How to efficiently compute 2¹²⁸ % n, where n is uint64_t (and non-zero)?

If I had access to a narrowing division like _udiv128 intrinsic of MSVC I could do:

uint64_t remainder;
_udiv128(1, 0, n, &remainder);
_udiv128(remainder, 0, n, &remainder);

But that's two slow instructions, not to mention there are CPUs like ARM which do not have the narrowing division. Is there a better way?

Related: How to compute 2⁶⁴/n in C?

Ecir Hana
  • 10,864
  • 13
  • 67
  • 117
  • unfortunately you can optimize division by a constant but not the case where dividend is a constant. If it's too slow then you're probably doing lots of divisions like that and should optimize with SIMD and multithreading. There's a [library for optimizing that called libdivide](https://libdivide.com/) – phuclv Jan 12 '23 at 13:00
  • 1
    in some cases you can utilize the reciprocal instruction in ARM and x86 though: [How to optimize for dividing constant?](https://stackoverflow.com/q/44862898/995714) – phuclv Jan 12 '23 at 13:08
  • Have you looked at the `libdivide` library? I think this section could be useful: https://github.com/ridiculousfish/libdivide/blob/3bd34388573681ce563348cdf04fe15d24770d04/libdivide.h#L467 – Joseph Wood Jan 15 '23 at 19:34
  • @JosephWood AFAIK, `libdivide` is good only when we compute `a%b` and `b` is a constant but here `a` is the constant, not `b` (at least, it is not specified and it would be unexpected since the result can be precomputed at compile-time in that case). – Jérôme Richard Jan 15 '23 at 20:22
  • 3
    @JérômeRichard: The libdivide library is intended to provide, via its API, optimizations for repeated divisions by the same divisor, but Joseph Wood did not point to API information but specifically to source code for a routine that divides a 128-bit number by a 64-bit number.
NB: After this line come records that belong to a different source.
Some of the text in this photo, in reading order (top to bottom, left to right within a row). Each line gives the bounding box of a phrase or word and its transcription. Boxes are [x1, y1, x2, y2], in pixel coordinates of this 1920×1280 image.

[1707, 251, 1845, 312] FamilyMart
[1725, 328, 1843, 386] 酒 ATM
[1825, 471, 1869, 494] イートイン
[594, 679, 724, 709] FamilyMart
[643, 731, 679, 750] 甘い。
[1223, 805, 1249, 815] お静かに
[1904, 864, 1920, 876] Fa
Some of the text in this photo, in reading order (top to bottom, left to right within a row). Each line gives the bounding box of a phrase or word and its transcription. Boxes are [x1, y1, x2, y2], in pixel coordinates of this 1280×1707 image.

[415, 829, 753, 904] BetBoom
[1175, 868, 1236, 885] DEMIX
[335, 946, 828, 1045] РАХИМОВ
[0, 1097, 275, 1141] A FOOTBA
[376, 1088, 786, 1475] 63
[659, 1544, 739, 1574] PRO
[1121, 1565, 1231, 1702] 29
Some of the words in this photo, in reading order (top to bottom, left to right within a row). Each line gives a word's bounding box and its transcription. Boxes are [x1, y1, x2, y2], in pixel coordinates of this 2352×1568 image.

I think the intent there may be that the source code contains some useful information that could be adapted to this problem. – Eric Postpischil Jan 15 '23 at 20:35
  • 1
    @EricPostpischil, that's exactly what I meant. Sorry about the confusion. – Joseph Wood Jan 16 '23 at 00:39
  • related: [How to divide 2¹²⁸ - 1 by a 64-bit divisor, where I only need the 64 LSBs of the quotient?](https://stackoverflow.com/q/70051781/995714) – phuclv Jan 19 '23 at 01:21
  • Have you benchmarked that code and seen that it is too slow for your purpose? (This is the obligatory premature optimization comment) – anton-tchekov Jul 09 '23 at 21:47

0 Answers0